Professores Escolares; Saúde do Trabalhador; Absenteísmo; Fatores Socioeconômicos



The relationship between long working hours and health status has been extensively assessed in the literature. A recent systematic review reported associations between working over 40 hours weekly and a range of health outcomes. Although long working hours could lead to certain health problems, such as cardiovascular disease, diabetes, anxiety, depression or disability 1,2,3,4, findings are still contradictory 5. Thus, despite most studies have found consistent associations with working ≥ 55 hours weekly, results for moderately long working hours are still inconsistent 3. Moreover, differences among countries have been reported 6,7.

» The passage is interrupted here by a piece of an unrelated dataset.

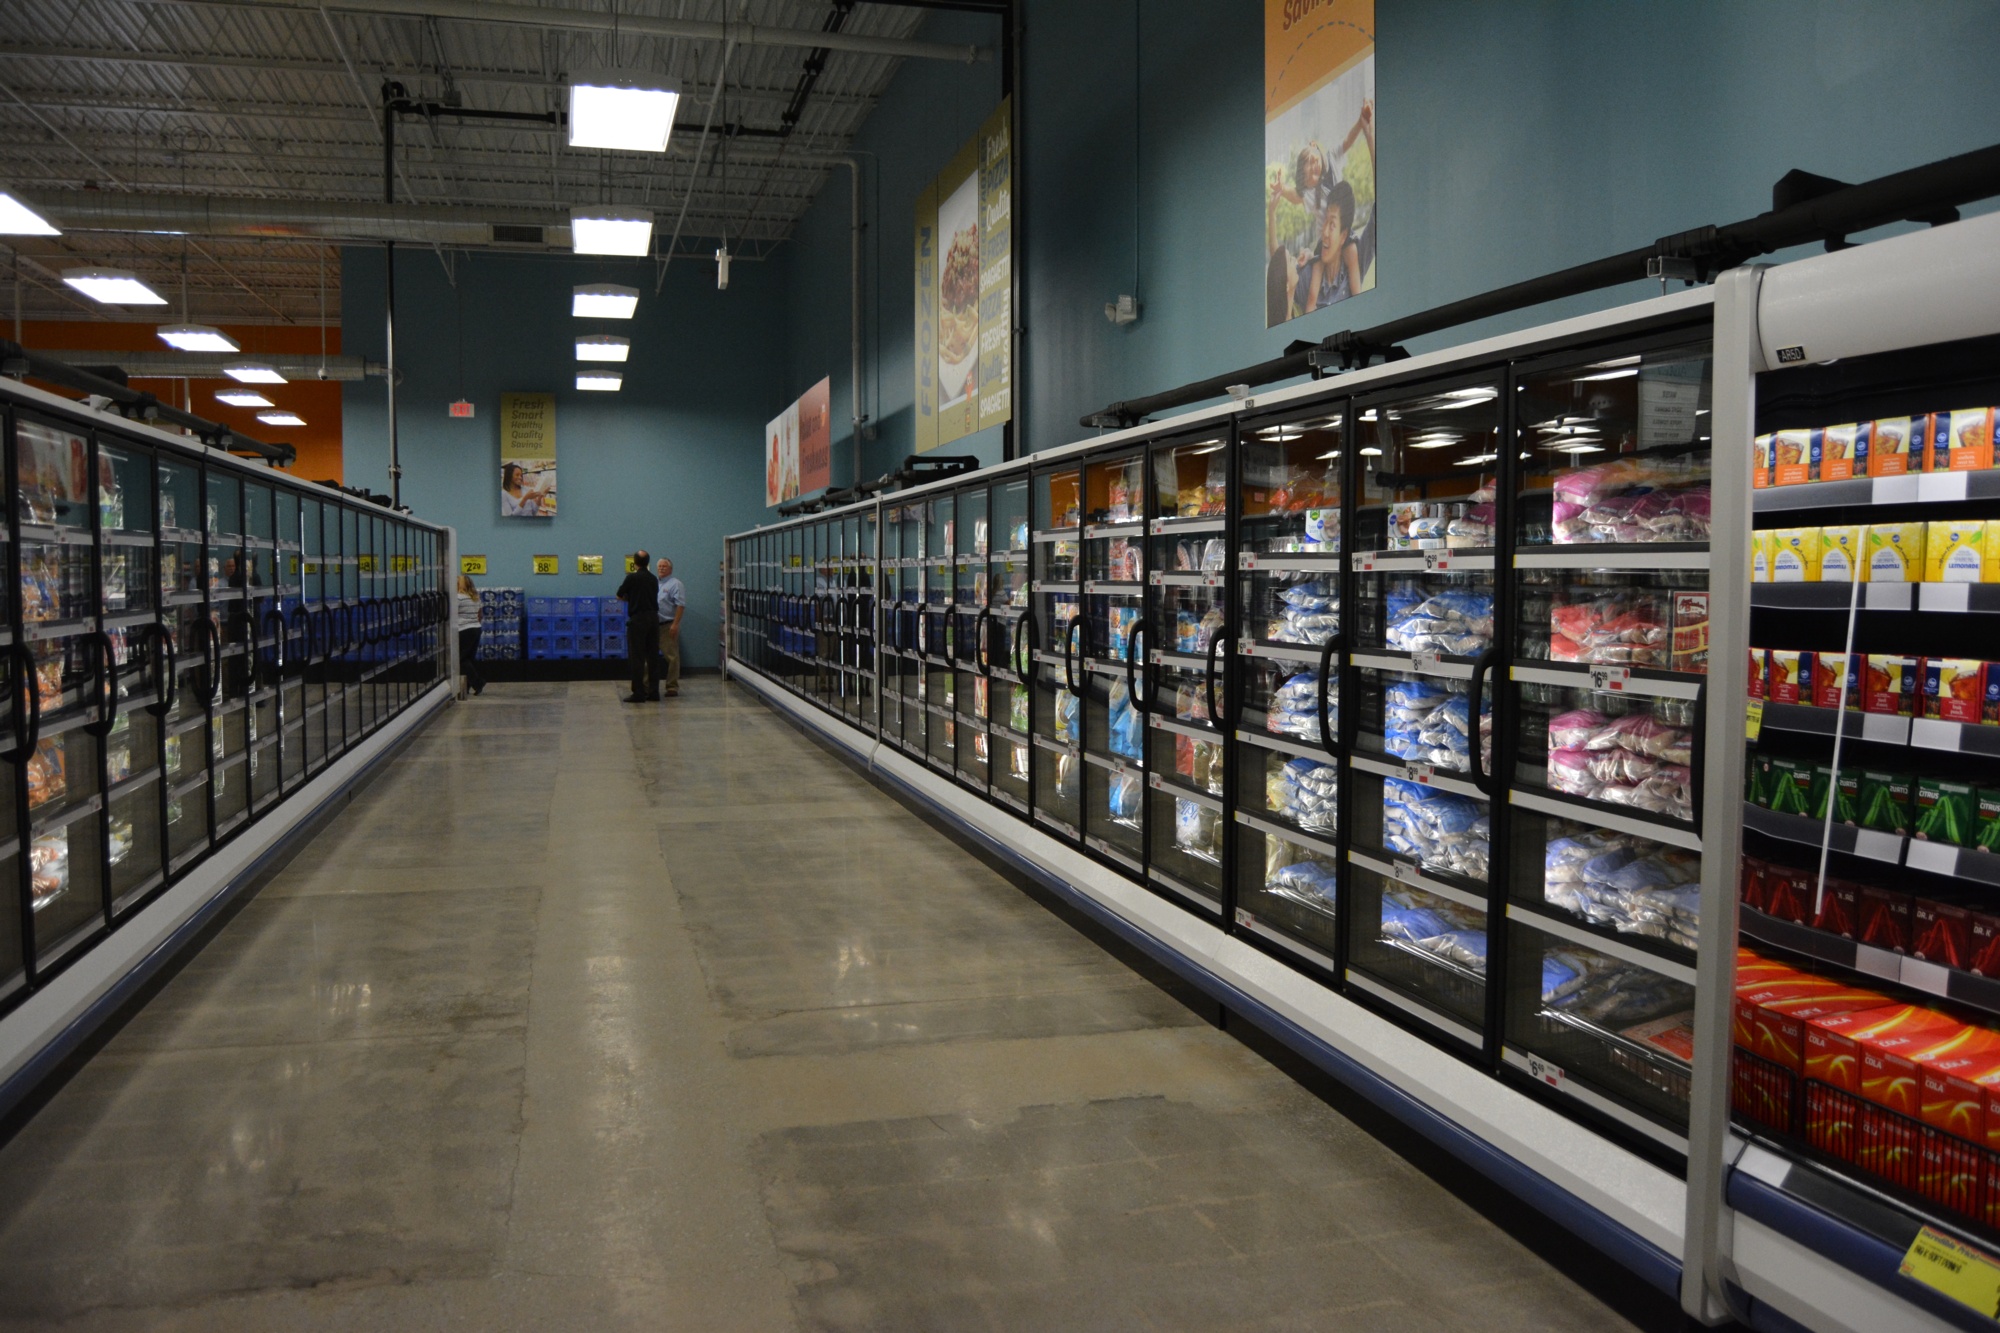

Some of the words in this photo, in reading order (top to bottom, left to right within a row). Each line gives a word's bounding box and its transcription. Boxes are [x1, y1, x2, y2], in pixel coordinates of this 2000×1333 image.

In contrast, the effect of multiple job holding on health status has been scarcely studied. Studies in the United States have observed a higher risk of injuries and less sleep among multiple job-holders 8,9, while a study conducted in Denmark found no associations of multiple job holding with long-term sickness absence 10. Also, although the effect of working hours in this association has been discussed, its joint effect with multiple job holding has not been thoroughly assessed.

Additionally, gender division of labor strongly determines the time allocated to paid work: whereas men tend to work longer hours due to their breadwinner role, women frequently work part-time, since they usually assume more care responsibilities. Hence, working longer hours or moonlighting could have a stronger impact on women's health due to the combination of paid and family work 11,12. Therefore, although most previous research was based on men-only samples or did not separate the analysis by sex 3, any analysis of the relationship between working hours or multiple job holding and health status should be separated by sex and consider gender roles.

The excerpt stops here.